Protokoll der Sitzung vom 13.11.2019

(Beifall SSW, BÜNDNIS 90/DIE GRÜNEN und vereinzelt SPD)

Wir vom SSW verstehen deshalb Arbeitsmarktintegration als Teil eines integrierenden gesamtgesellschaftlichen Prozesses, denn das, was wir hier immer wieder aufgezeigt bekommen, ist, dass vor allem sprachliche und institutionelle Hürden die Integration geflüchteter Menschen erschweren. Integration geht eben nur, wenn man Arbeit hat, wenn man für sich selbst sorgen kann, wenn man für seine Familie sorgen kann. Erst dann gelingt Integration richtig, und genau das ist das Thema, das wir jetzt haben.

(Beifall SSW und Kay Richert [FDP])

Meine Damen und Herren, erst neulich habe ich ein Interview im Deutschlandfunk gehört, in dem es um die Ergebnisse einer Studie vom Berlin-Institut für Bevölkerung und Entwicklung geht. Darin wird zwischen mitgebrachten und institutionellen Hürden unterschieden. Die mitgebrachten Hürden wä

ren dann zum Beispiel mangelnde Sprachkenntnisse im Deutschen, mangelnde Fachkenntnisse für spezielle Berufe, fehlende Kenntnisse des deutschen Arbeitsmarktes und noch nicht entstandene Netzwerke. Von Traumata und psychischen Problemen, die auf der Flucht entstehen, ganz zu schweigen.

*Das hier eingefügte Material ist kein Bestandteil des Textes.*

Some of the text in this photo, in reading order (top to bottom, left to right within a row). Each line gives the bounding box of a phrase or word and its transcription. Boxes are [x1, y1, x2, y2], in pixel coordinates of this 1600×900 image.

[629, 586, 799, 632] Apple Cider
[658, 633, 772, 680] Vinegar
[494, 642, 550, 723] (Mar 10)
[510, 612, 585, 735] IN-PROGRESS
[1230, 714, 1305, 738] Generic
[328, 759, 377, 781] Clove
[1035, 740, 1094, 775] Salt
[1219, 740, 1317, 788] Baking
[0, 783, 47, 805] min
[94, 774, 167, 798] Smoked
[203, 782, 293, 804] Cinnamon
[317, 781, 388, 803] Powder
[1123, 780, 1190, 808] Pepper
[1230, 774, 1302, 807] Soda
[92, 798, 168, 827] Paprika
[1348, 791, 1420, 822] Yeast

Institutionelle Hürden hingegen - die gibt es auch für diese Menschen, und die hindern sie auch an einer Arbeitsaufnahme - sind etwa hohe gesetzliche Auflagen, die wir hier definitiv haben und die auch die Anerkennung von Ausbildung und Berufen erschweren können. Es gibt auch komplizierte Vorgänge zwischen den verschiedenen Behörden. Man muss sich einmal auf der Zunge zergehen lassen, was diese Leute alles schaffen müssen, bevor sie überhaupt den ersten Fuß in einen neuen Arbeitsplatz setzen können.

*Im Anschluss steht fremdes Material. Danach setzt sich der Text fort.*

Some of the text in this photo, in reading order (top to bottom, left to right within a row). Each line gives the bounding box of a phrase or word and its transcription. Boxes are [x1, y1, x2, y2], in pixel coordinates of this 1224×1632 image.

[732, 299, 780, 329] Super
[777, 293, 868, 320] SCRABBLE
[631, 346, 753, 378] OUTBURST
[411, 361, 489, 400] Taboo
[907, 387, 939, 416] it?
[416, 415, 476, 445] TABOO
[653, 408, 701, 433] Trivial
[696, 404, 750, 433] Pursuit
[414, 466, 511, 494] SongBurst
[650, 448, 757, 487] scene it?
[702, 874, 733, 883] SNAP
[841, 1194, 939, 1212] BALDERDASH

Meine Damen und Herren, es geht nicht zuletzt auch um eine bundesweit komplexe Gesetzeslage. Allein die Tatsache, dass es unheimlich schwierig ist, rechtlich durchzusetzen, dass man überhaupt arbeiten gehen darf - wir reden ja gar nicht davon, dass die Leute nicht arbeiten wollen; sie wollen gern arbeiten, dürfen dies aber oft nicht -, verlängert die Verfahren zur Arbeitsaufnahme und lässt die Leute in einer Warteschleife stehen - was wirklich nicht gut ist.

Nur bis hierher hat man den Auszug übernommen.